Das war plötzlich gekommen. Gleichalterige vierzehnjährige Lehrjungen hatten aus der Kneipe der Witwe Benommen heraus über die Räuberbande gelacht, die geschlossen vorbeigegangen war. Der Schreiber machte den Vorschlag, auch in die Kneipe zu gehen, was bis jetzt für verächtlich und der Räuber unwürdig gegolten hatte, jedoch einem schon lange zurückgedrängten Wunsche entgegengekommen war. Seitdem hatten die Räuber viele Stunden in den Kneipen verbracht, und es galt für eine Ehre, betrunken zu sein. Des Schreibers Ansehen wuchs, denn er war mit ganzer Seele dabei und immer betrunken. Die Zusammenkünfte im „Zimmer“ wurden zum Entsetzen Oldshatterhands nicht mehr ganz regelmäßig eingehalten.

Die Räuber lagen auf dem Schloßbergrasen in der Sonne und warteten auf den bleichen Kapitän. Winnetou kaute nachdenklich Gras.

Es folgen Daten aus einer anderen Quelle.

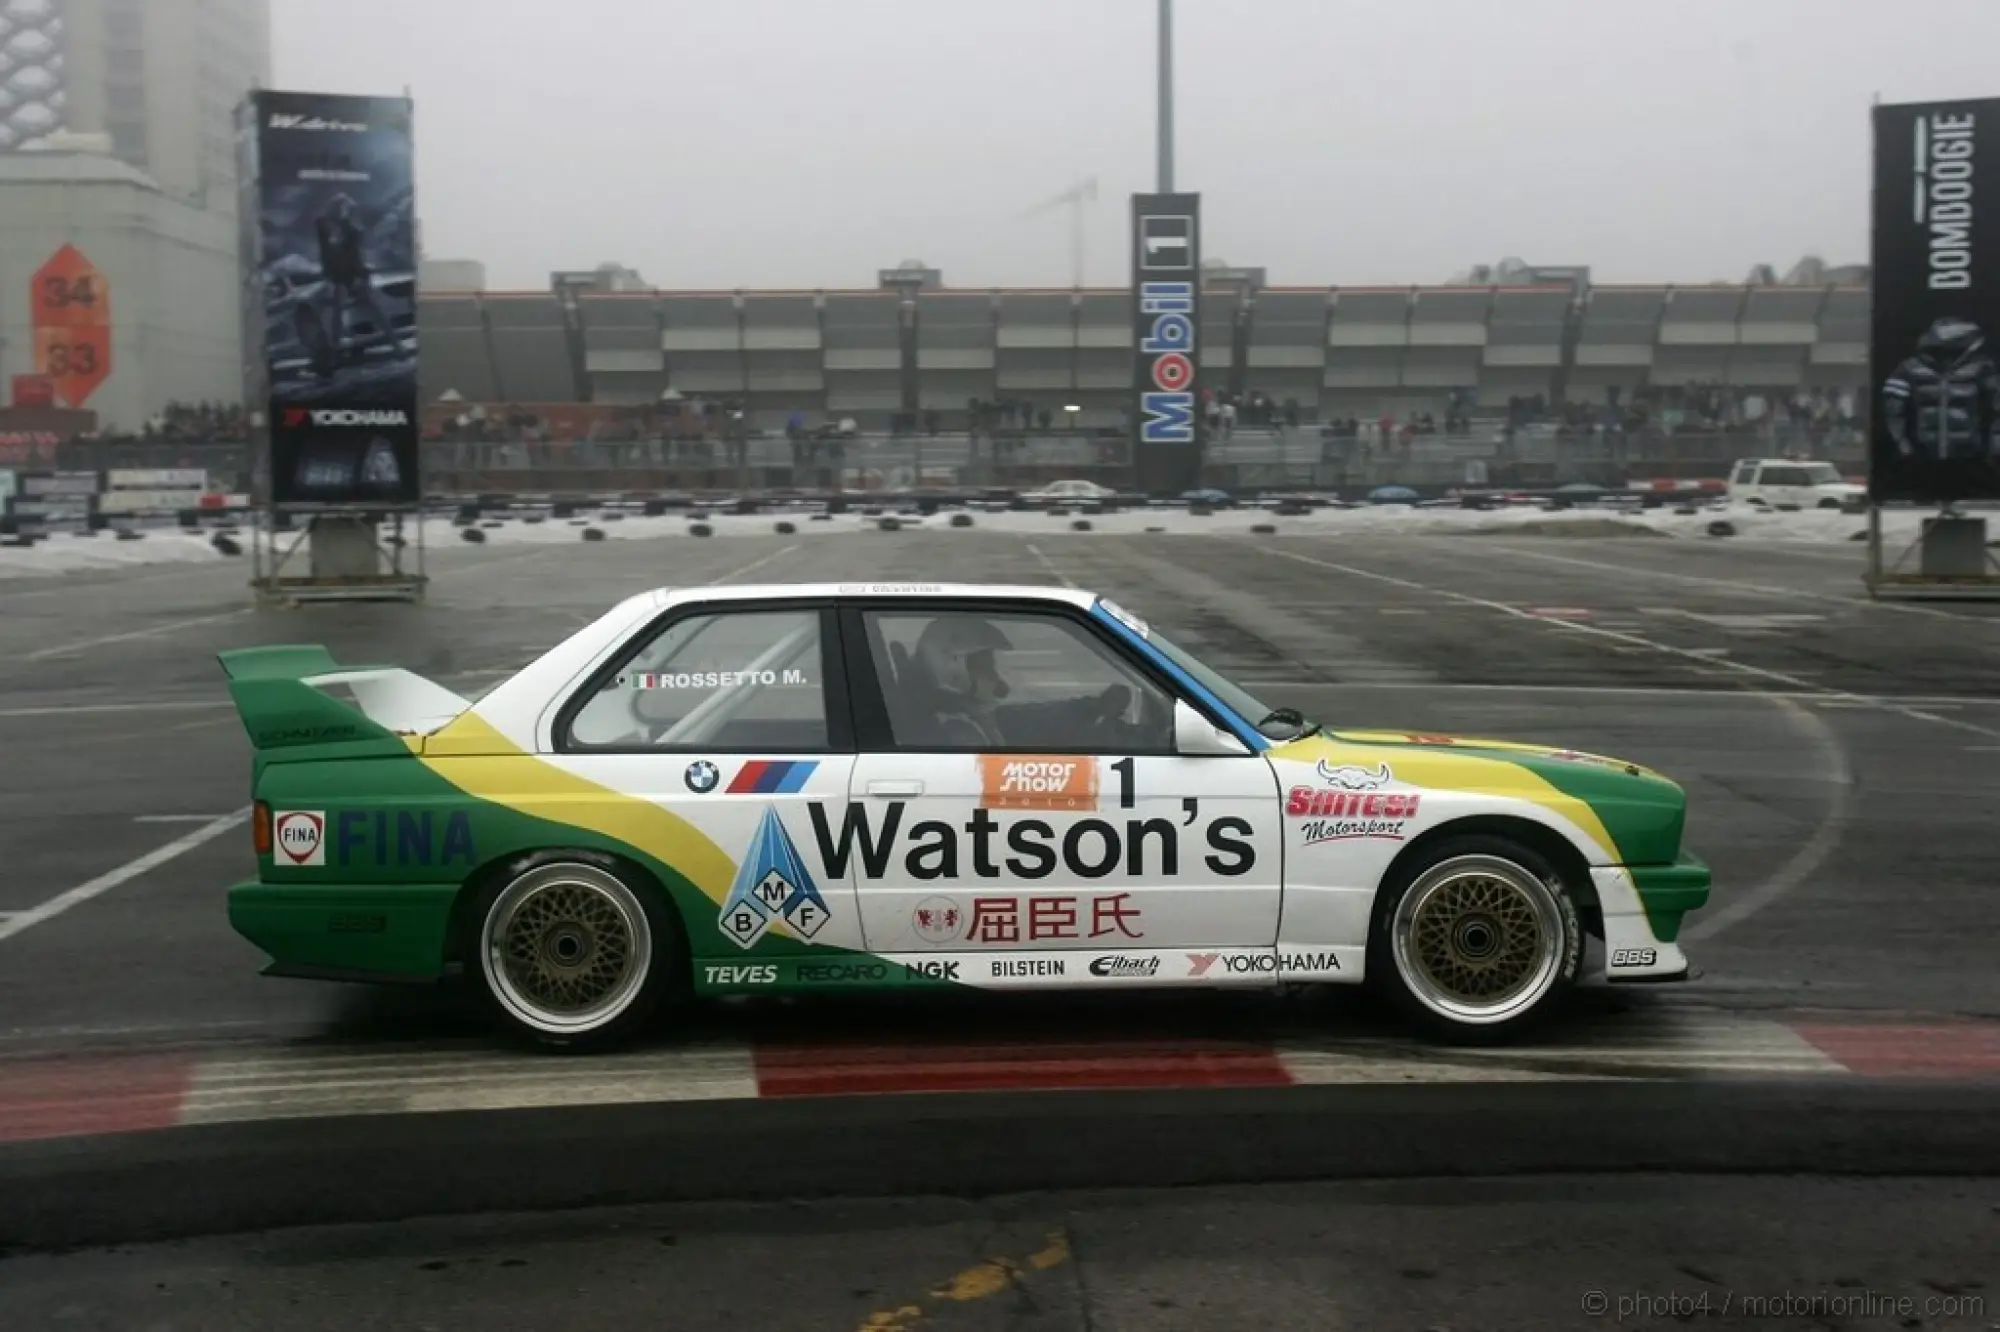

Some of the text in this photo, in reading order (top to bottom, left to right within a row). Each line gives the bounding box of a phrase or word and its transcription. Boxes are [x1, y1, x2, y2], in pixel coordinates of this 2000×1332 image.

[1928, 112, 1975, 289] BOMBOOGIE
[45, 276, 95, 309] 34
[48, 343, 96, 376] 33
[1141, 281, 1194, 443] Mobil
[311, 408, 408, 426] YOKOHAMA
[660, 669, 807, 689] ROSSETTO M.
[1110, 757, 1135, 809] 1
[284, 827, 316, 843] FINA
[338, 810, 478, 867] FINA
[808, 797, 1256, 880] Watson's
[1301, 819, 1405, 841] Motorsport
[965, 892, 1144, 943] 屈臣氏
[797, 964, 888, 982] RECARO
[905, 961, 960, 980] NGK
[991, 960, 1066, 977] BILSTEIN
[1088, 955, 1161, 977] Eibach
[1222, 953, 1341, 972] YOKOHAMA
[704, 965, 779, 984] TEVES
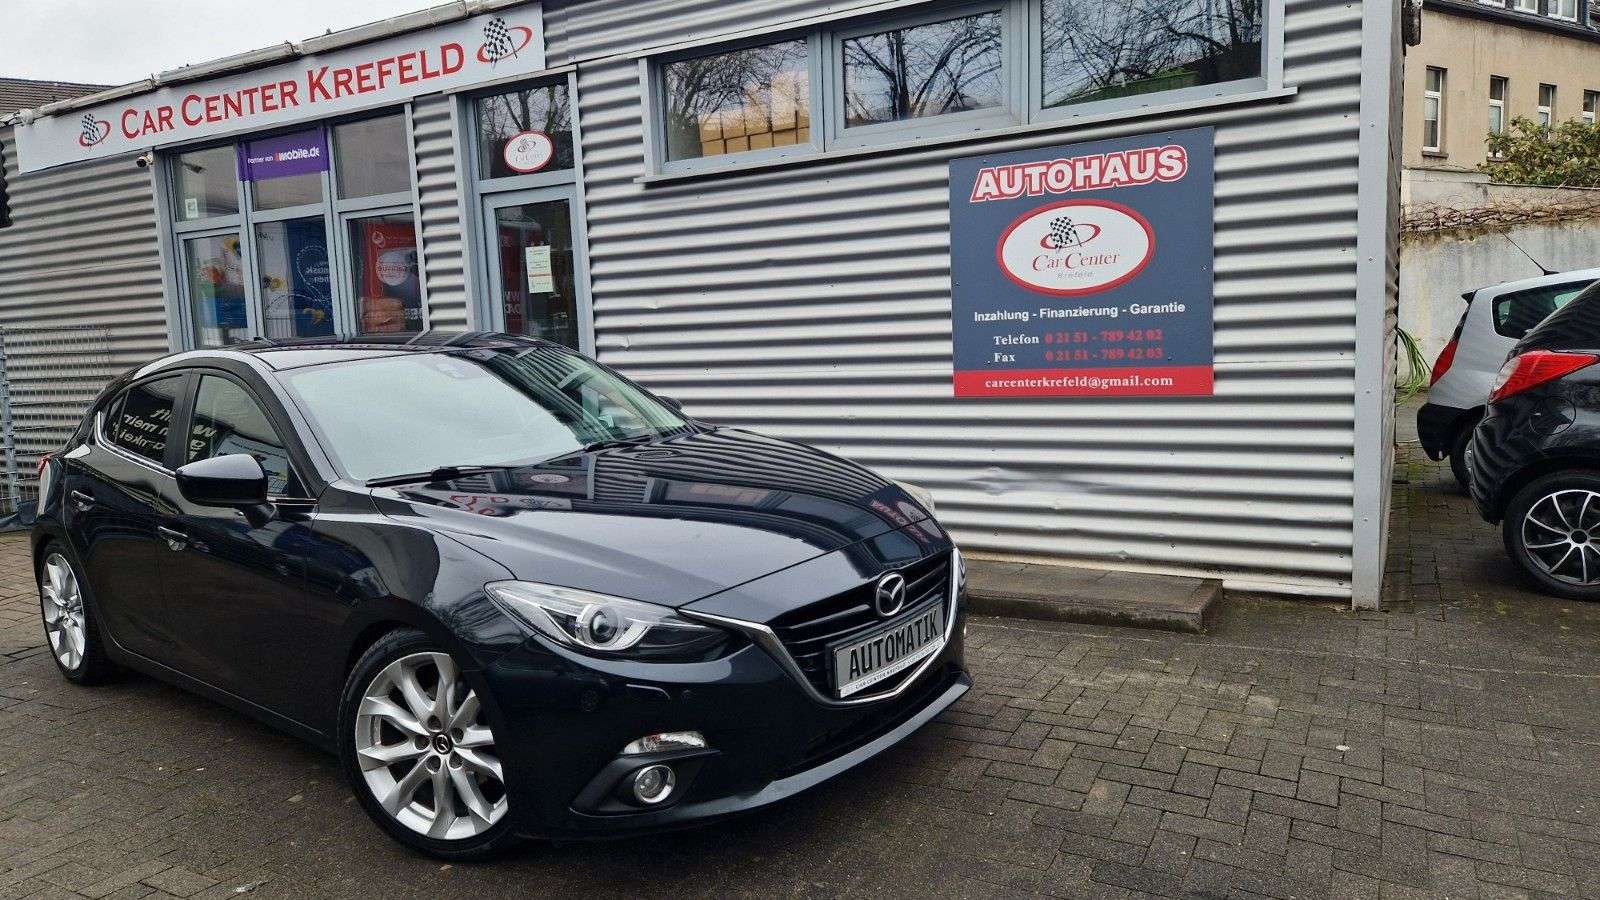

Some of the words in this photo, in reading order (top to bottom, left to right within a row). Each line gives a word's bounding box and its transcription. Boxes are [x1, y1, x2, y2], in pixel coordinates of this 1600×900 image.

Der bleiche Kapitän stieg langsam den Schloßberg hinauf; er hatte ein schmutziges Karl May-Buch ohne Einbanddecke in der Hand. Eine Weile blickte er schweigend und gespannt auf die Räuber hinunter. „Was glaubt ihr, daß passiert ist? Das hätt ich niemals gedacht . . . Winnetou ist erschossen worden.“

„Oh, halt doch’s Maul!“

„Da hockt er ja“, sagte der Schreiber lachend und deutete auf Winnetou.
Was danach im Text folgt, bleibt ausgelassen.